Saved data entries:
▽

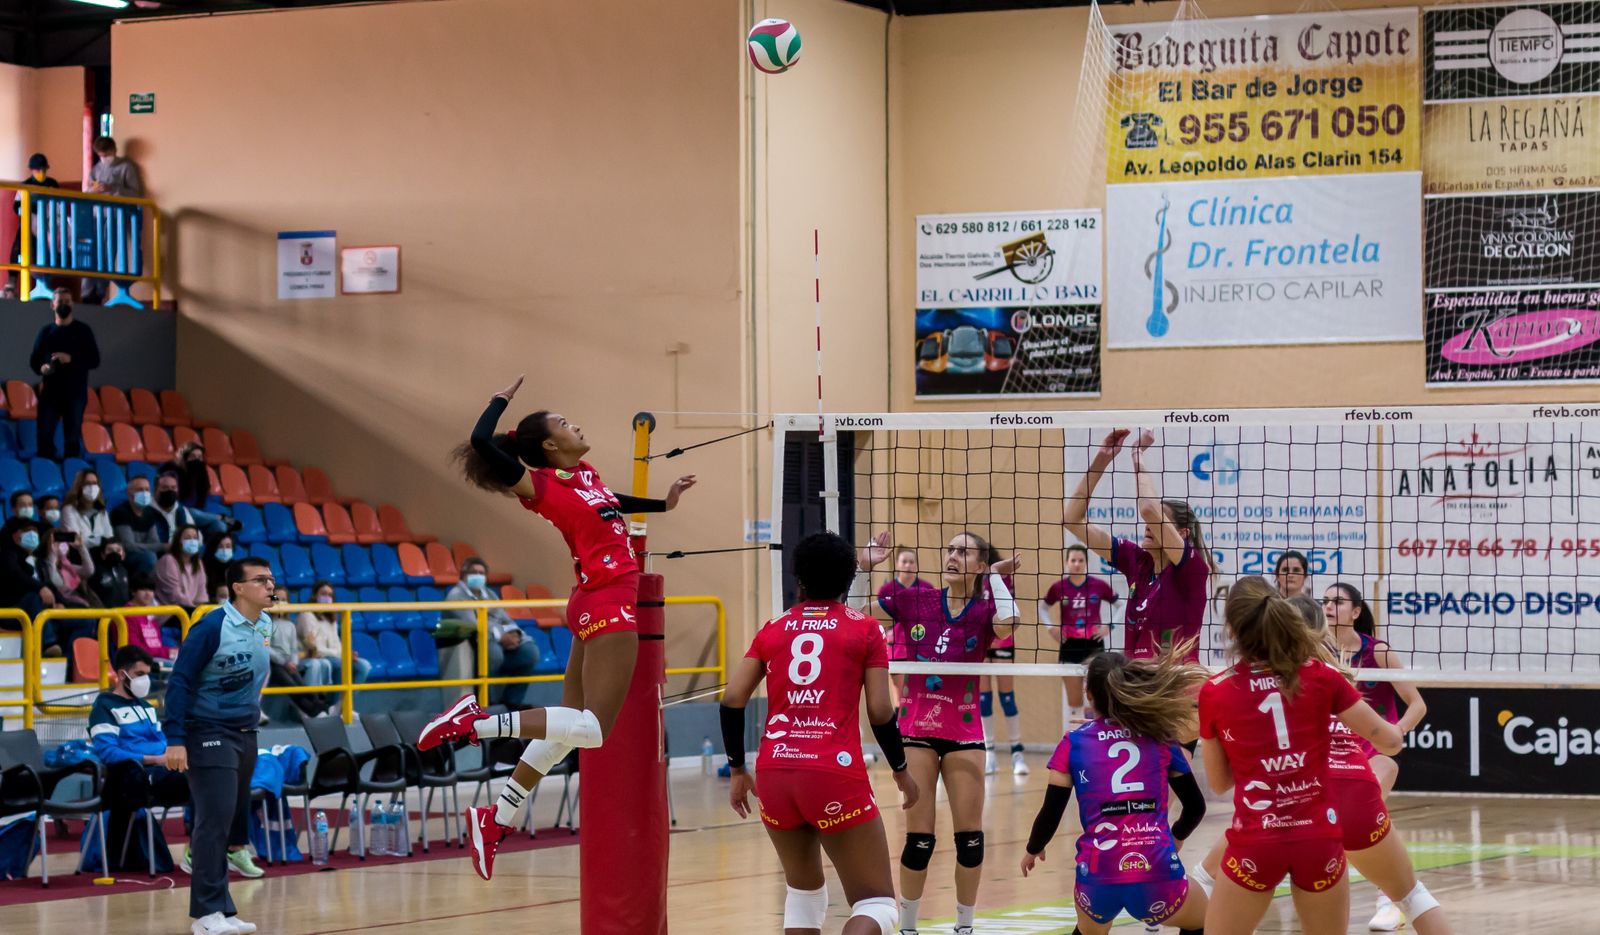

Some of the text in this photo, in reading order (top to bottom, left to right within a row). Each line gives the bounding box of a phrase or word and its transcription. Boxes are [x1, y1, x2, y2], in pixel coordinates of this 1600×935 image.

[1113, 22, 1410, 73] Bodeguita Capote
[1498, 35, 1554, 52] TIEMPO
[1159, 74, 1363, 102] El Bar de Jorge
[1179, 104, 1405, 145] 955 671 050
[1469, 106, 1491, 143] LA
[1500, 141, 1549, 152] TAPAS
[1124, 160, 1153, 175] Av.
[1159, 155, 1248, 175] Leopoldo
[1254, 153, 1296, 170] Alas
[1369, 148, 1402, 165] 154
[1486, 164, 1568, 176] DOS HERMANAS
[1188, 195, 1293, 227] Clínica
[936, 218, 1095, 235] 629 580 812 / 661 228 142
[1515, 230, 1574, 243] COLONIAS
[1188, 234, 1381, 269] Dr. Frontela
[1484, 245, 1502, 257] DE
[921, 285, 1097, 302] EL CARRILLO BAR
[1184, 279, 1384, 305] INJERTO CAPILAR
[1433, 291, 1521, 310] Especialidad
[1523, 293, 1539, 304] en
[1543, 291, 1585, 304] buena
[1431, 369, 1454, 380] Avd.
[1457, 368, 1497, 381] España,
[1501, 366, 1518, 378] 110
[1530, 366, 1562, 378] Frente
[1564, 369, 1571, 377] a
[990, 414, 1053, 425] rfevb.com
[1164, 412, 1229, 424] rfevb.com
[1345, 409, 1413, 421] rfevb.com
[1398, 456, 1558, 495] ANATOLIA
[1088, 507, 1135, 518] ENTRO
[1244, 506, 1273, 518] DOS
[1279, 505, 1364, 517] HERMANAS
[1220, 532, 1251, 541] 41702
[1253, 532, 1272, 541] Dos
[1275, 532, 1325, 541] Hermanas
[1327, 531, 1367, 542] (Sevilla)
[1398, 538, 1437, 558] 607
[1445, 538, 1471, 557] 78
[1477, 538, 1504, 557] 66
[1511, 538, 1537, 558] 78
[1544, 537, 1553, 560] /
[1306, 550, 1344, 574] 51
[1387, 592, 1600, 615] ESPACIO DISP
[784, 618, 838, 631] M. FRIAS
[788, 633, 824, 686] 8
[787, 690, 825, 706] WAY
[792, 716, 838, 730] Andalucía
[1258, 692, 1290, 750] 1
[1108, 740, 1145, 794] 2
[1261, 752, 1307, 773] WAY
[817, 807, 862, 830] Divisa
[1226, 856, 1267, 890] Divisa

△

◆ ABOUT THIS EXERCISE: Filter the entries above down to the lines that contain the word "rfevb".

◆ RESPONSE:
[990, 414, 1053, 425] rfevb.com
[1164, 412, 1229, 424] rfevb.com
[1345, 409, 1413, 421] rfevb.com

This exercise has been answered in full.